THE INPUT |
= = = = = = =

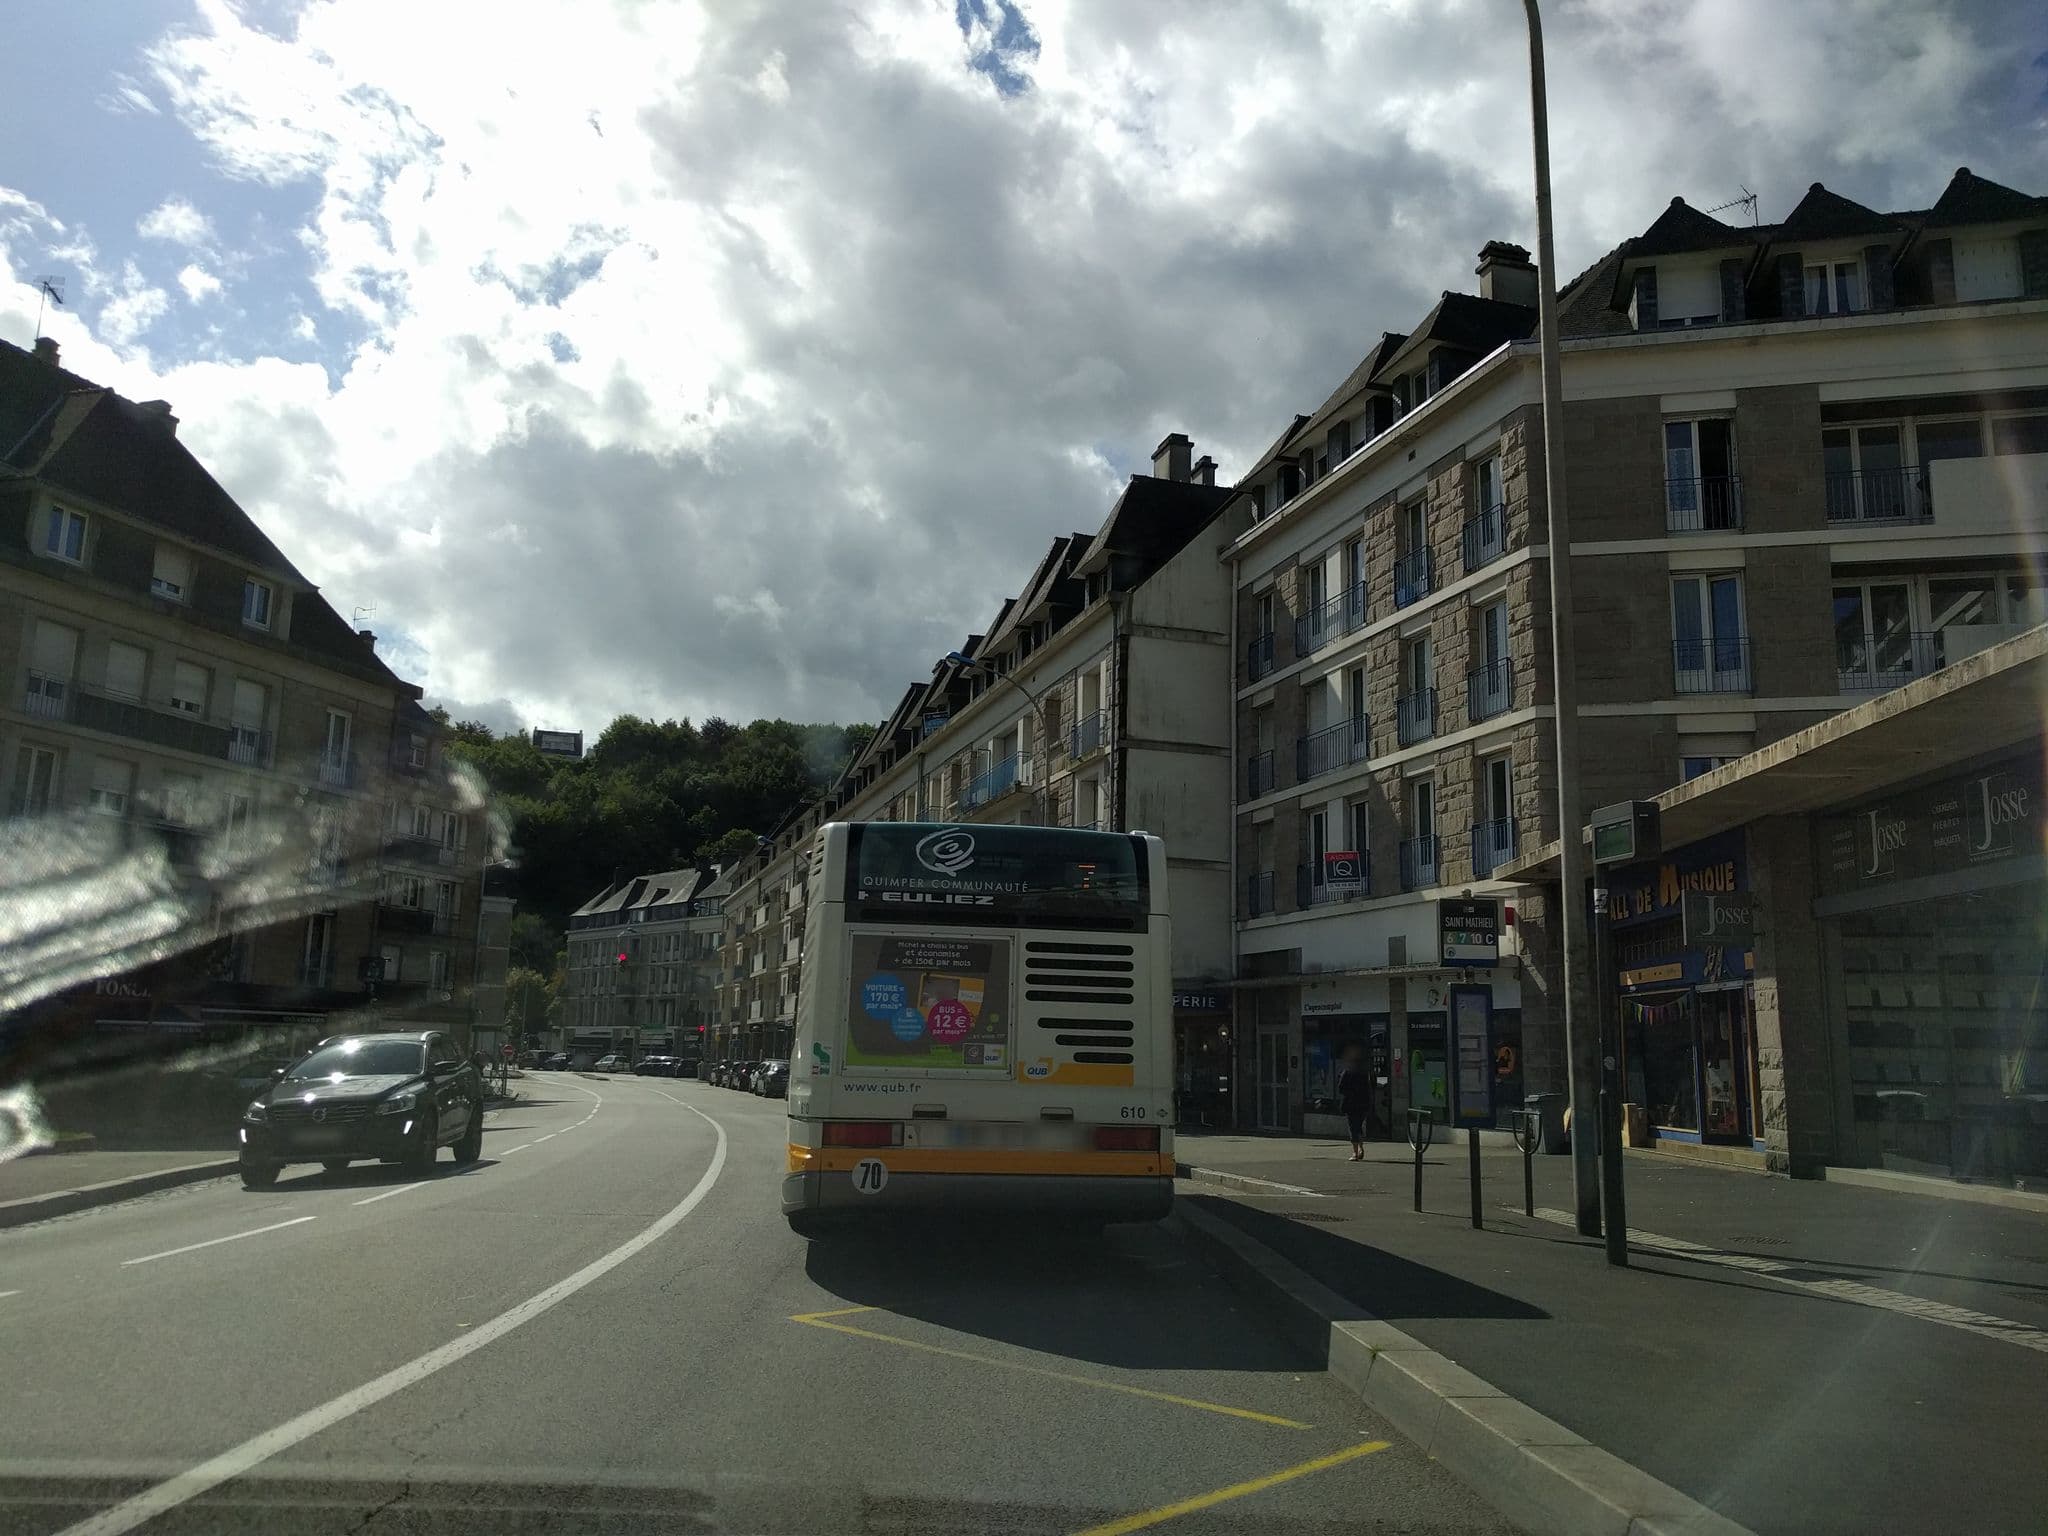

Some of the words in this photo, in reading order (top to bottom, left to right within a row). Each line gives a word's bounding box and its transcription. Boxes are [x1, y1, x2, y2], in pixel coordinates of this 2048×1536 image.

[1865, 808, 1907, 876] Josse
[863, 876, 924, 888] QUIMPER
[931, 877, 1029, 892] COMMUNAUTÉ
[1445, 916, 1465, 928] SAINT
[1465, 917, 1494, 929] MATHIEU
[1700, 895, 1751, 937] Josse
[1446, 932, 1455, 944] 6
[1459, 933, 1467, 944] 7
[1471, 933, 1482, 945] 10
[1485, 933, 1494, 945] C
[902, 957, 913, 965] de
[870, 992, 889, 1002] 170
[939, 1005, 957, 1014] BUS
[934, 1014, 952, 1027] 12
[954, 1015, 969, 1028] €
[1027, 1066, 1049, 1077] QUB
[843, 1081, 922, 1095] www.qub.fr
[1120, 1105, 1146, 1119] 610
[859, 1162, 882, 1190] 70
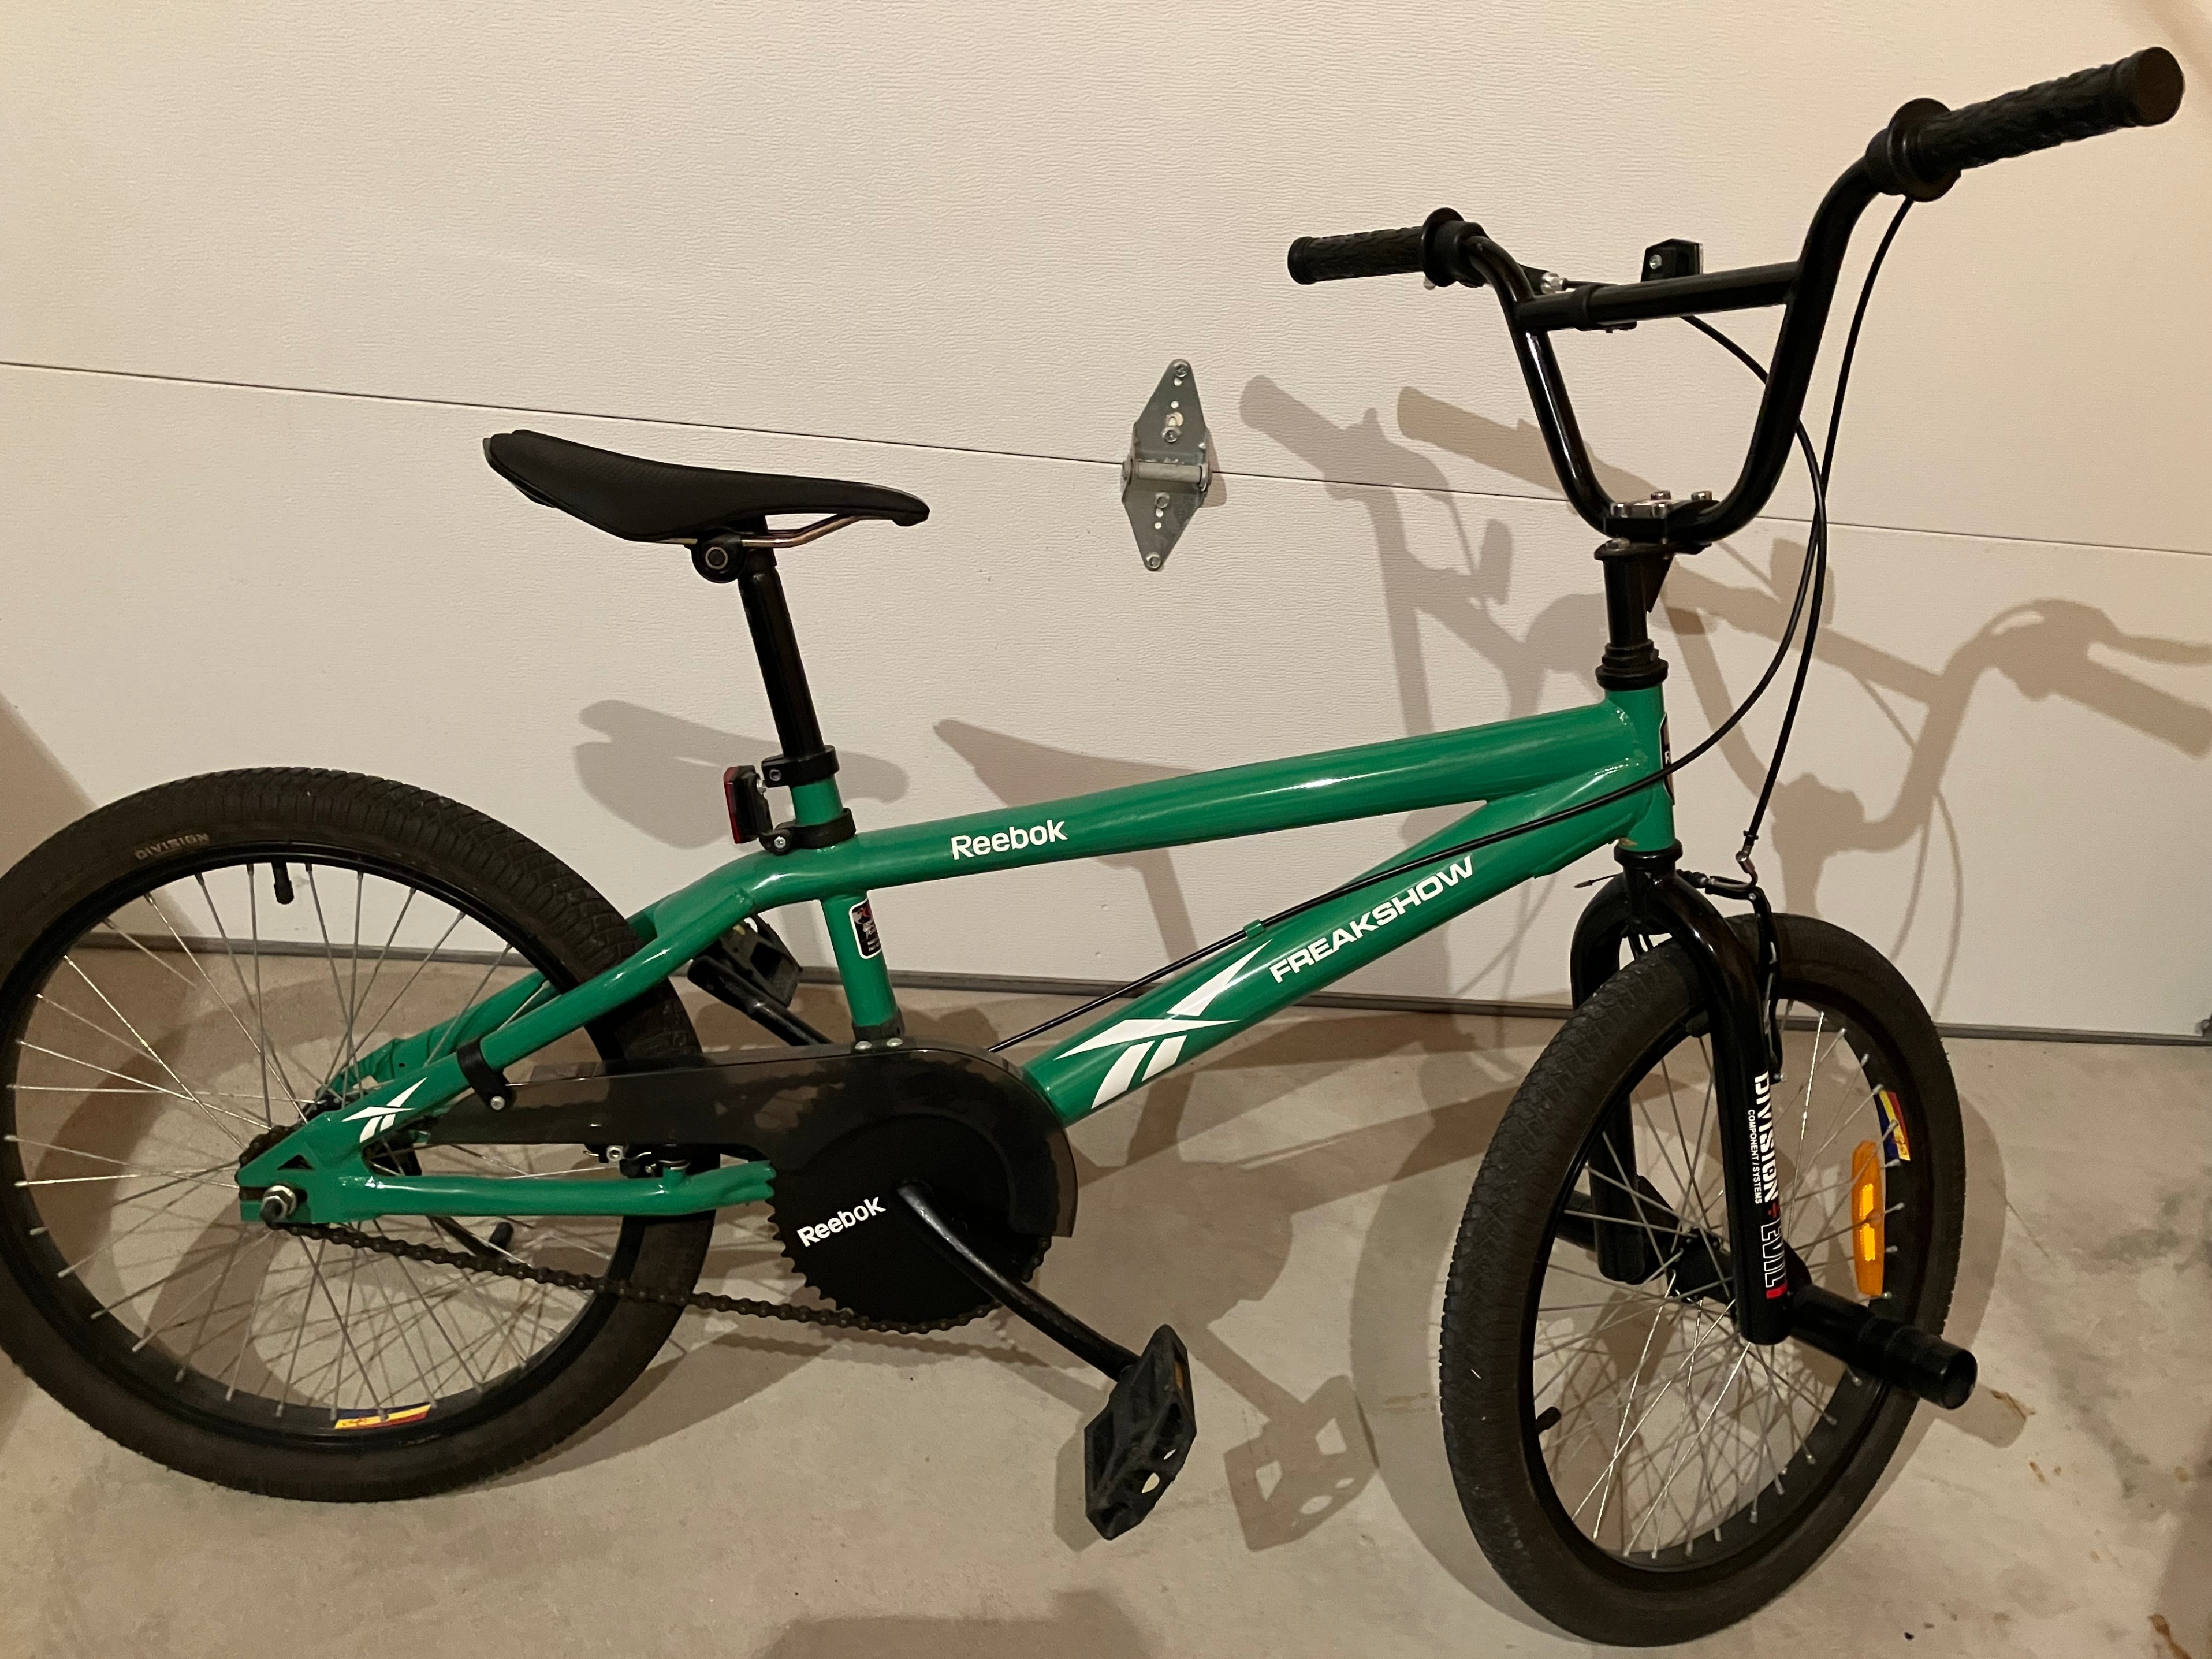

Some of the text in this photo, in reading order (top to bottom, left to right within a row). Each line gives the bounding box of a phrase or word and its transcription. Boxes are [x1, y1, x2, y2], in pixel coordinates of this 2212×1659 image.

= = = = = = =

WHAT YOU NEED TO DO |
The expected output is every entry, retyped exactly, with all pictures removed.

SOLUTION FOR THIS TASK |
Some of the words in this photo, in reading order (top to bottom, left to right within a row). Each line gives a word's bounding box and its transcription. Boxes are [x1, y1, x2, y2], in pixel coordinates of this 2048×1536 image.

[1865, 808, 1907, 876] Josse
[863, 876, 924, 888] QUIMPER
[931, 877, 1029, 892] COMMUNAUTÉ
[1445, 916, 1465, 928] SAINT
[1465, 917, 1494, 929] MATHIEU
[1700, 895, 1751, 937] Josse
[1446, 932, 1455, 944] 6
[1459, 933, 1467, 944] 7
[1471, 933, 1482, 945] 10
[1485, 933, 1494, 945] C
[902, 957, 913, 965] de
[870, 992, 889, 1002] 170
[939, 1005, 957, 1014] BUS
[934, 1014, 952, 1027] 12
[954, 1015, 969, 1028] €
[1027, 1066, 1049, 1077] QUB
[843, 1081, 922, 1095] www.qub.fr
[1120, 1105, 1146, 1119] 610
[859, 1162, 882, 1190] 70

Some of the text in this photo, in reading order (top to bottom, left to right within a row). Each line gives the bounding box of a phrase or word and its transcription. Boxes are [x1, y1, x2, y2], in pixel coordinates of this 2212×1659 image.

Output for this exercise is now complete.